Amen, amen, I say to you, unless a grain of wheat falls to the ground and dies, it remains just a grain of wheat; but if it dies, it produces much fruit.
—John 12:24
There has always been a tension in Christianity over how to view martyrdom. Most Christian writers and teachers over the centuries agree that it is not something to be sought after. In “A Man for All Seasons” Robert Bolt has St. Thomas More affirming the fact that our natural instincts in cases of mortal danger lead to “flight.” The saintly lawyer (no, the term is not an oxymoron) then goes over how he planned to use all of his skills as a barrister to avoid having his head separated from his body over the “King’s business.” But he concedes that a time comes when all the legal dodging and weaving can’t keep a person from standing firm in his or her faith, even if it means death, when no means of escape are available. Catholics have generally held martyrs up as examples to follow, where as some Protestants are less enthusiastic. I read a book on the early Church written by a member of the Calvinist-Reform tradition who thought the martyrs of the first centuries had, in many cases, needlessly forfeited their lives.
In the recent French movie, “Of God’s and Men,” based on true events, a community of Trappist monks in the Atlas Mountains of Algeria faces the prospect of death if they stay in their monastery. The country is experiencing a civil war, with Islamist terrorists on one side and an increasingly mistrusting government on the other. After much debate and internal dissention, the community makes the decision to stay. They have become a part of the fabric of the local village, which grew up around the monastery and stay, out of solidarity with the people. In his review of the film, which was positive overall, Roger Ebert, the Pulitzer Prize winning film critic, concludes that the monks made the wrong choice. He states that it was egoism for them to believe that their work could only be accomplished in that one place, and that their superior, Br. Christian, should have had the humility to lead his men to safety. If they had left they could have certainly continued their fruitful service elsewhere. Because of their choice other, equally needy, people were deprived of whatever years of service they would have had left, or so goes Mr. Ebert’s reasoning.
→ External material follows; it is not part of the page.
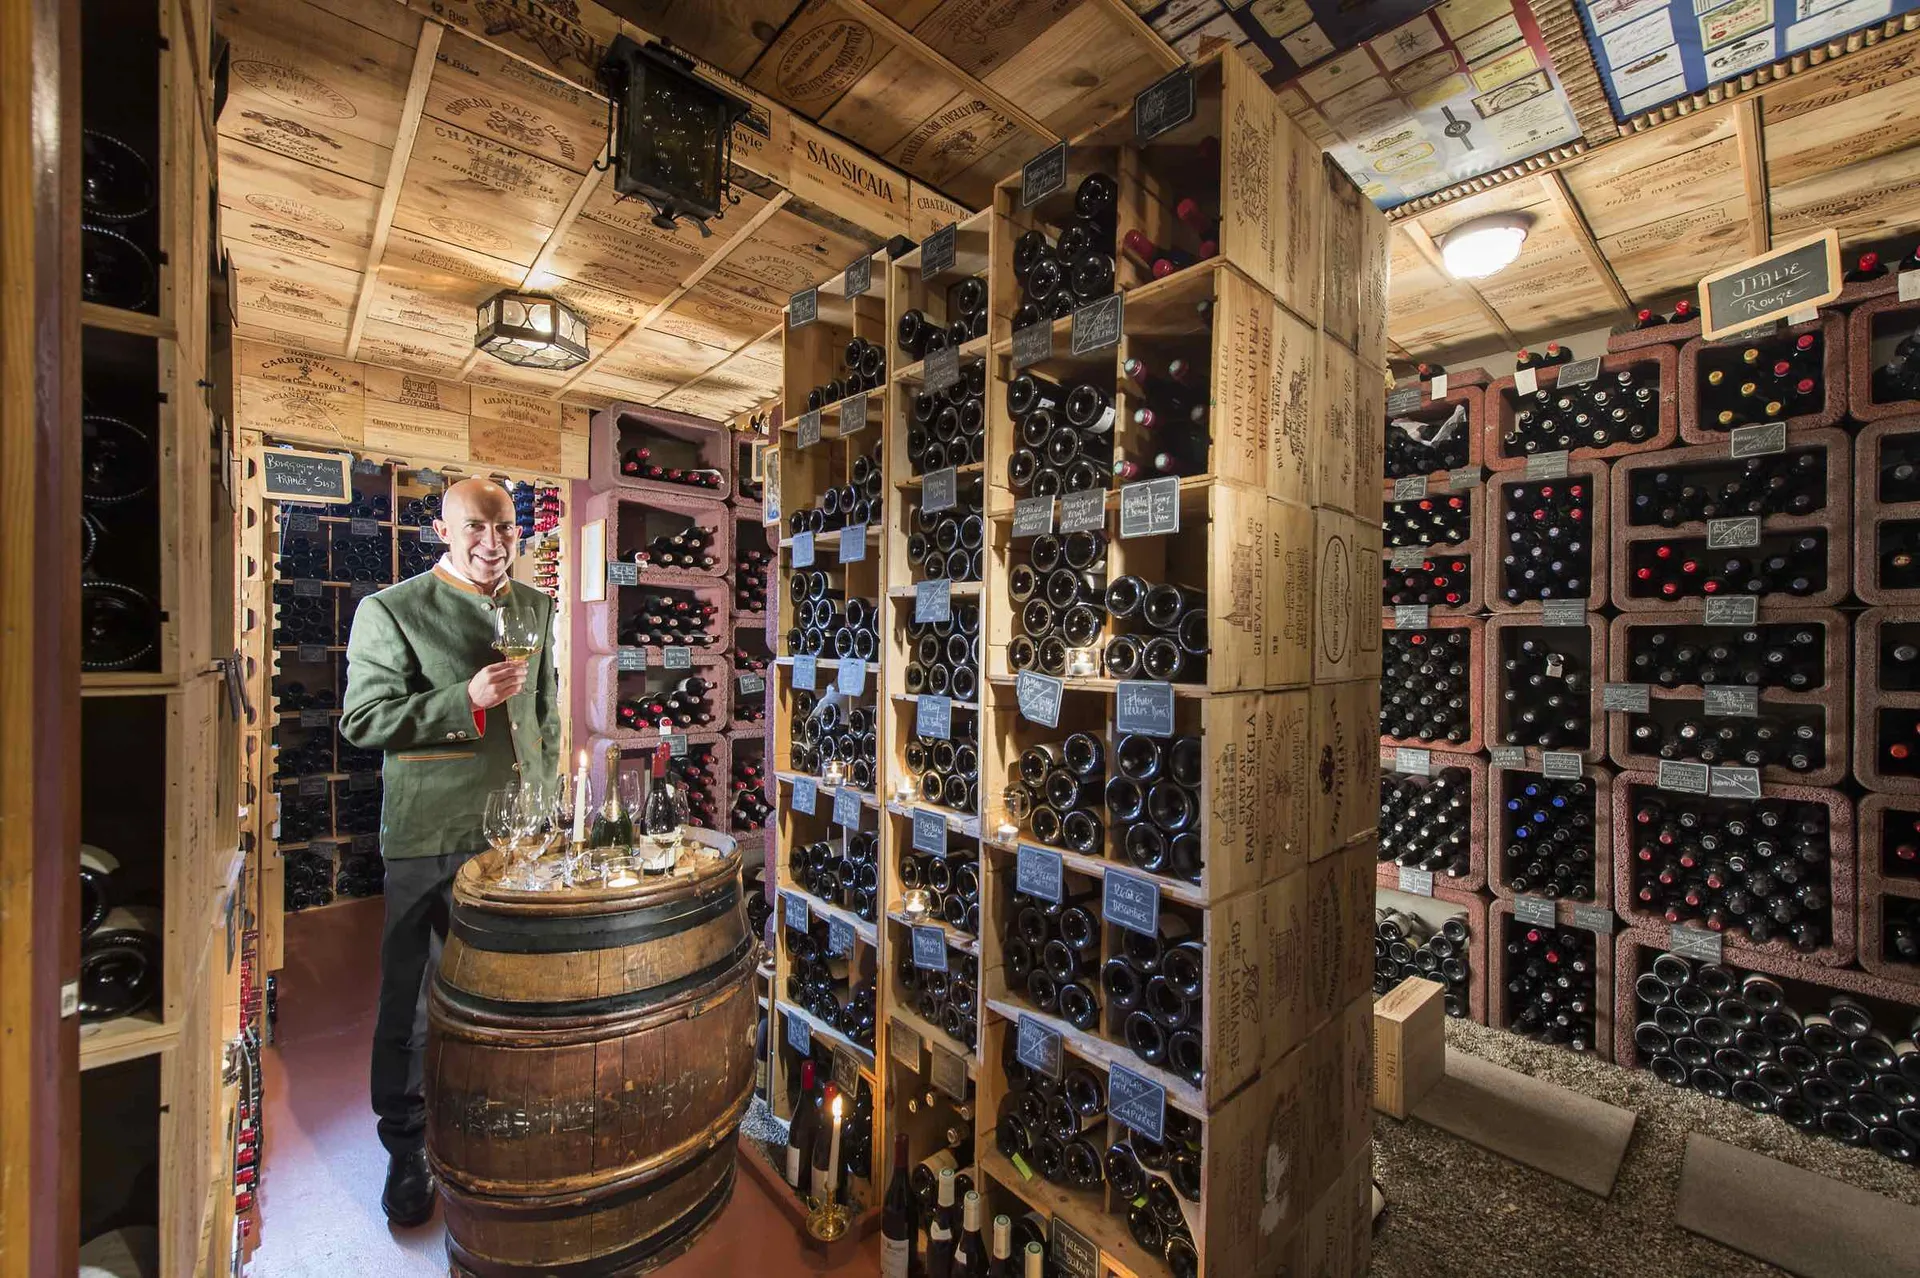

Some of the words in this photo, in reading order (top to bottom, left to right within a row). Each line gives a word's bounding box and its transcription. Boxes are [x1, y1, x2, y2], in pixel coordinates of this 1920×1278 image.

I was taken aback by this appraisal, to say the least. I could see someone thinking the monks foolish for their decision, but egotistical and prideful? I agree that there was no moral obligation for the monks to stay; it’s questionable how much their presence served to shield the village from the violence enveloping the country. But I believe that Mr. Ebert makes an error in focusing on the importance of the work the monks did, particularly that of the one who is a medical doctor. They are Trappists, and their vocation is to prayer and their goal is a contemplative union with God. Their call is to be an eschatological sign; a sign of the world to come. The life of prayer, radical poverty, and fraternal union that they follow is meant to be a prophetic action pointing to a reality beyond this one. That they may tend to the sick and cloth the poor are a natural extension of their baptismal vocation, but is not at the heart of the life they were called to as contemplatives. Their value, for lack of a better term, is not in what they do but rather in that they are.
On a deeper level the humility that all Christians are called to, but especially priests and religious, is to understand that the work we take up is not our own. Ultimately the responsibility lies with God. We come, we serve and then we move on; eventually we die and it’s the Holy Spirit that supplies the rest. This is exemplified in the Acts of the Apostles. St. Peter, the chief of the Apostles, is invisible after the fifteenth chapter and the book ends without any mention of his or St. Paul’s fate. This was the author’s way of letting us know that as great as these two pillars of the Church were, the success of the mission didn’t lie in their efforts or end with their deaths, but continues still in the work of the Holy Spirit active in the Church as a body.
This does not mean that the monks didn't bear a serious responsibility for their actions. God’s will must be discerned and cooperated with, and just because the monks concluded that His will was for them to stay doesn’t mean they necessarily got it right. We pray, discuss, bring it to authority if we must, and pray some more, them make a decision. Only time will tell if we are right or wrong. In the case of these monks they believed, after deep discernment, that they were fulfilling their vocation to be signs of God’s Kingdom in a concrete way, in a place where that concept's meaning had been perverted by hate and violence. I don't see that as egotistical or prideful.
Mr. Ebert is right, in that the movie itself avoids some of the tougher questions that could have been asked about the political situation that led to the turmoil, such as the legacy of French colonization. It could have also taken a more critical look at the monks own motivations for staying. There is no doubt that the ones who want to stay are presented as the “good guys” and the ones who want to leave are held in somewhat mild contempt, until they “see the light.” But in judging the real life situation to conclude that they made the wrong choice on moral grounds is hard for me to accept. As I wrote earlier, if they had left I don’t believe they would have been accused of moral cowardice. But I don’t believe we would be writing books or making movies about them either. In a world where justice is dispensed from the barrel of a gun, to quote Mao, and our worth as people is too often based on what we can do or earn, these men have captured people’s imaginations because they didn't do the willful or practical thing. Because they chose to allow themselves to die, like the proverbial grain of wheat, these men have bore spiritual fruit, arguably beyond what they could have accomplished by pulling up steaks and moving somewhere else.